After Levi finished brewing his tea, he carried the teacup to the dining table and sat down. You followed, settling across from him.
Just as he lifted the cup to his lips, he paused. He recalled your earlier words. A sharp question surfaced in his mind.
"Wait, you said you controlled yourself to not talk to me for a whole week. Does that mean you were watching me the entire time?" he asked, fixing you with an unreadable expression, gray eyes narrowing slightly.

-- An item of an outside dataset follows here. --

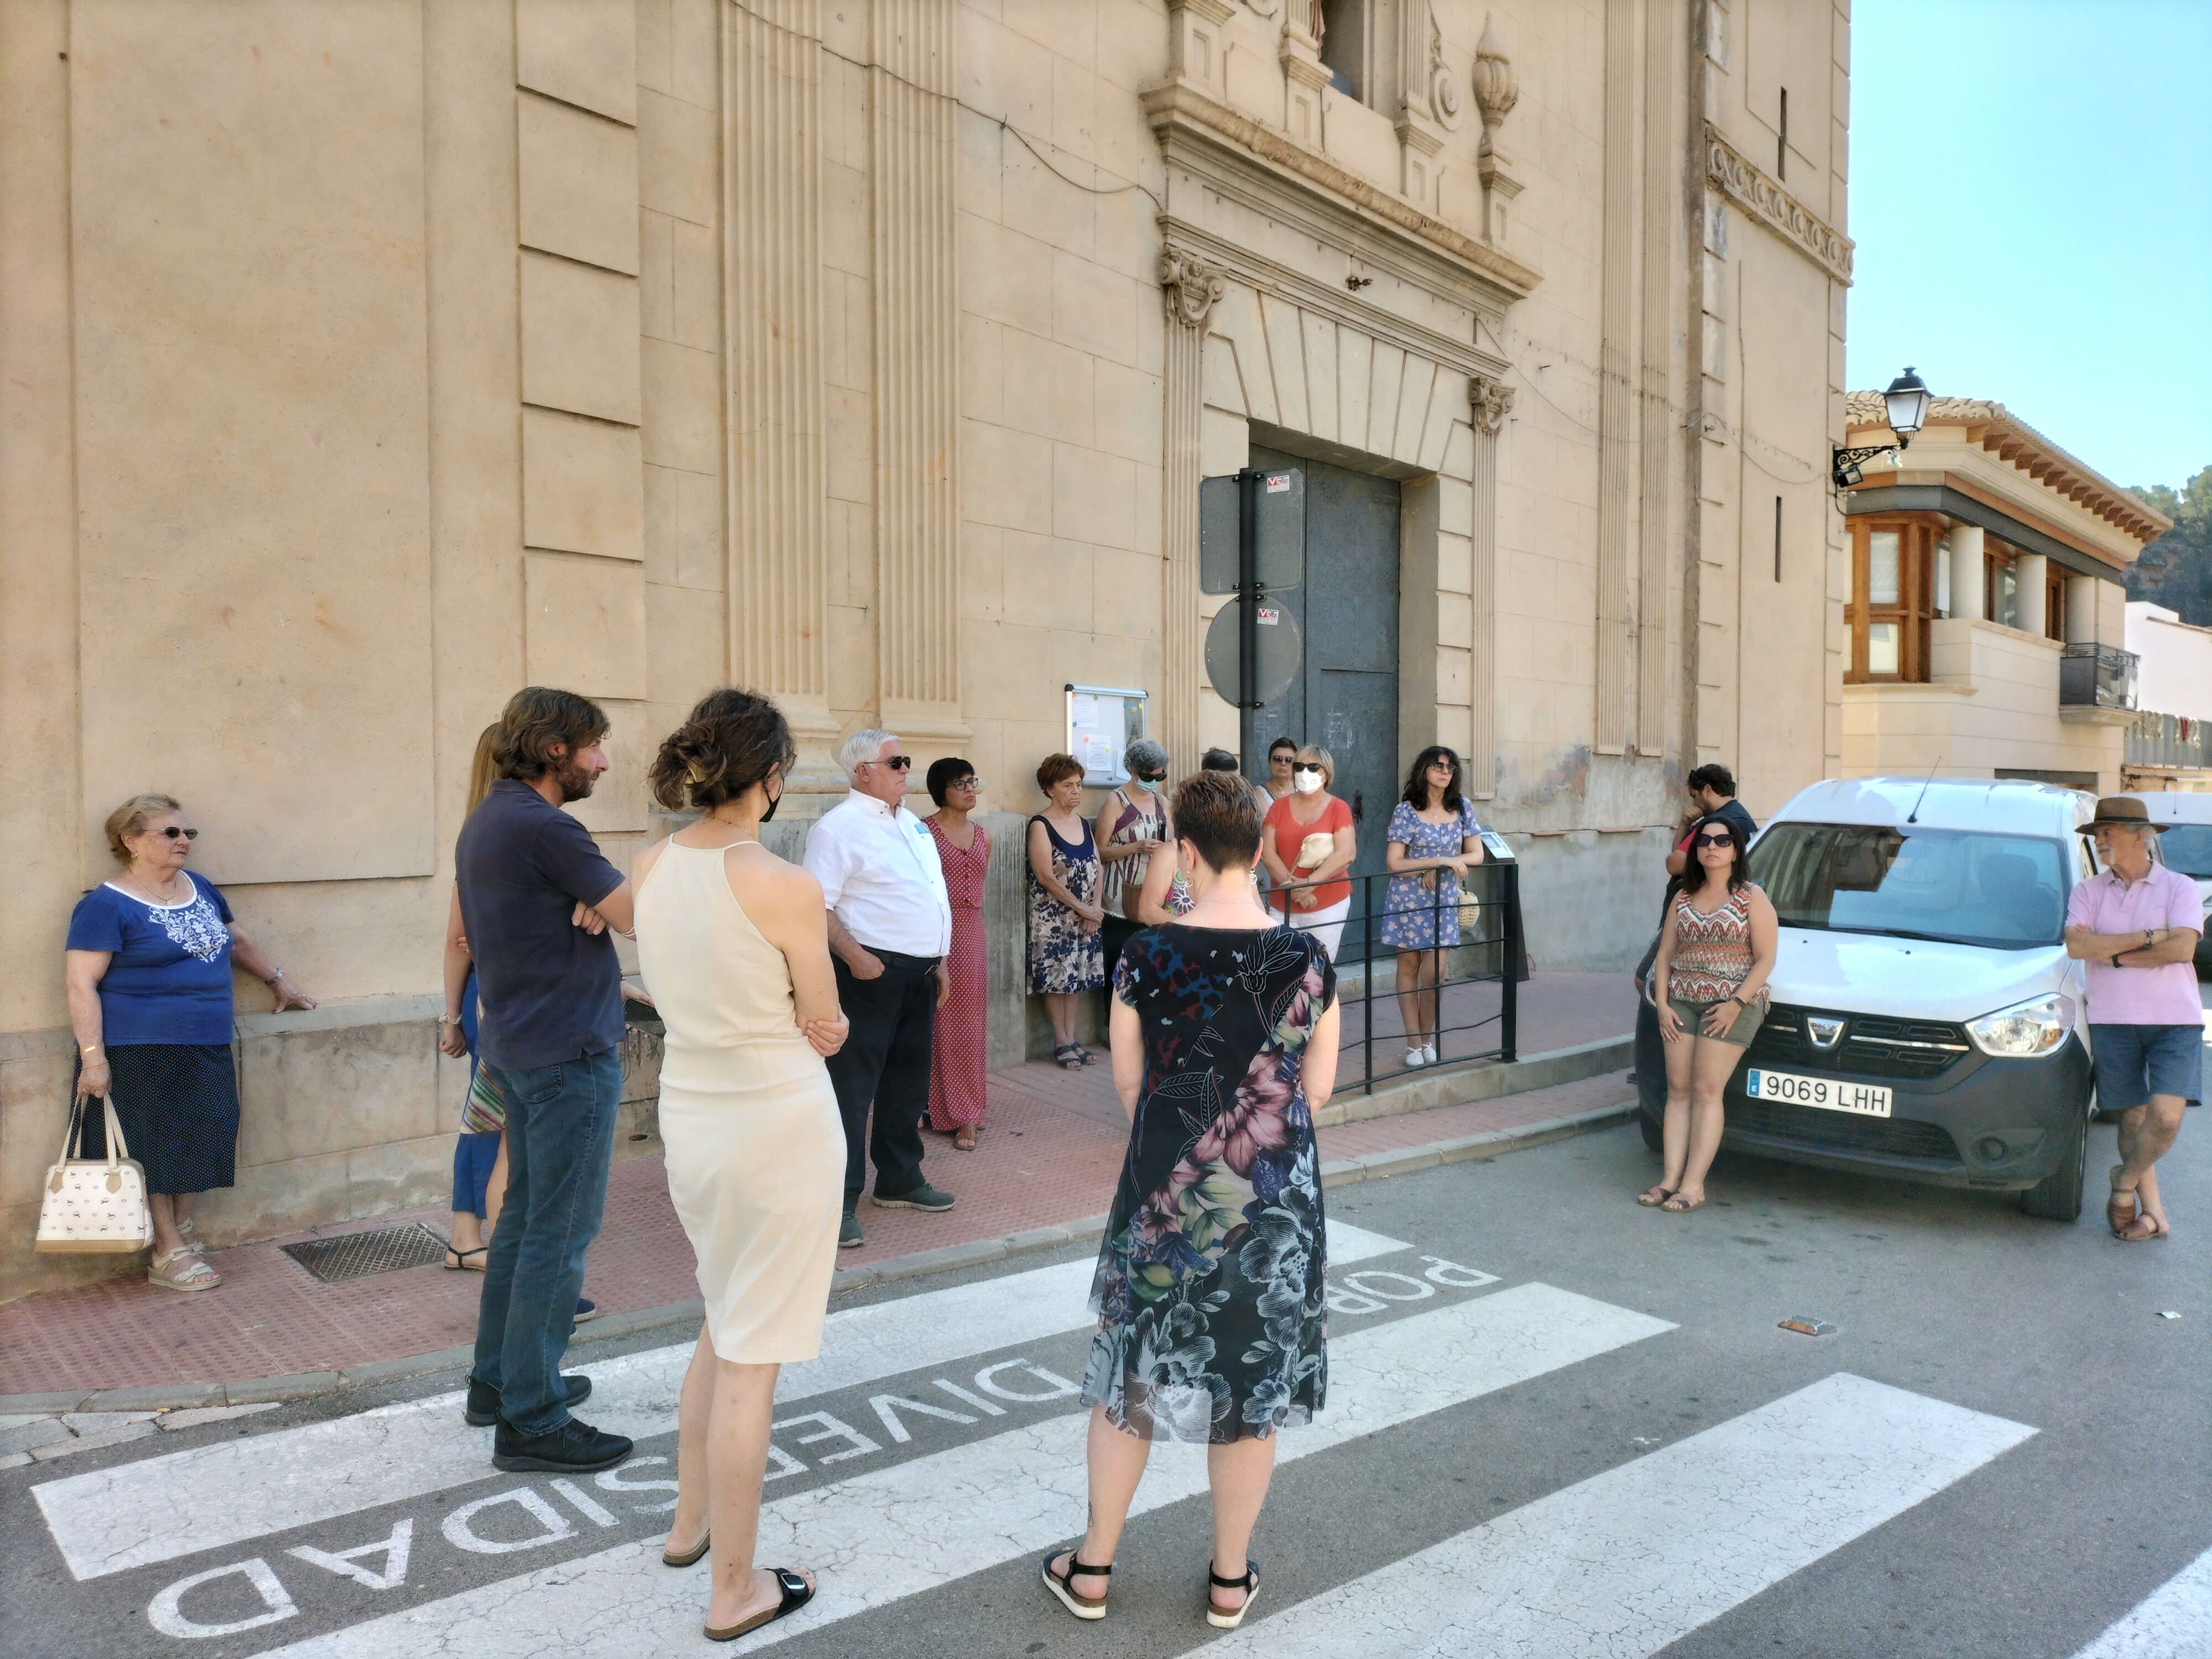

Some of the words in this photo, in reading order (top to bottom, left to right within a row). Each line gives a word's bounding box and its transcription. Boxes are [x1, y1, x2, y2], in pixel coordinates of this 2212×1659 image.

[1812, 1022, 1837, 1031] DACIA
[1767, 1076, 1827, 1103] 9069
[1838, 1086, 1885, 1112] LHH

"Yes, why?" you replied casually.
Levi suddenly remembered Hange's words: "Are you sure about that? What if the ghost suddenly visits you later in your sleep and lies next to you, or watches you when you're showering?"
"The fuck. Don't tell me you also watched me shower like a pervert?" his eyes flashing with sudden suspicion.
"Huh? Why would I do that?" you replied, tone laced with slight disgust and wide-eyed innocence.
"Are you really sure about that?" he asked again, still suspicious of you.
"Why would I watch you shower? Plus, you're not even my type," you said firmly. Your disgusted expression, nose wrinkled and lips pursed, finally convinced him, even though it offended him in a way he didn't understand.
"Then good," he muttered, lifting the cup to his lips at last to drink his tea.
A minute later, he spoke again. "Can you stop staring?" He was truly bothered. You had been gazing at him the entire time, and he couldn't enjoy his tea in peace.
"Why?" you asked innocently.
"What do you mean why? Can't you tell it's bothering me?" His tone dripped with annoyance, as if speaking to a clueless idiot who couldn't read the room.
"You're bothered by everything. Me talking, me staring. I heard in the past, that's the attitude of someone whose age is catching up to them," you shot back.
"Fuck. I'll go insane at this rate," he whispered to himself, pinching the bridge of his nose in frustration.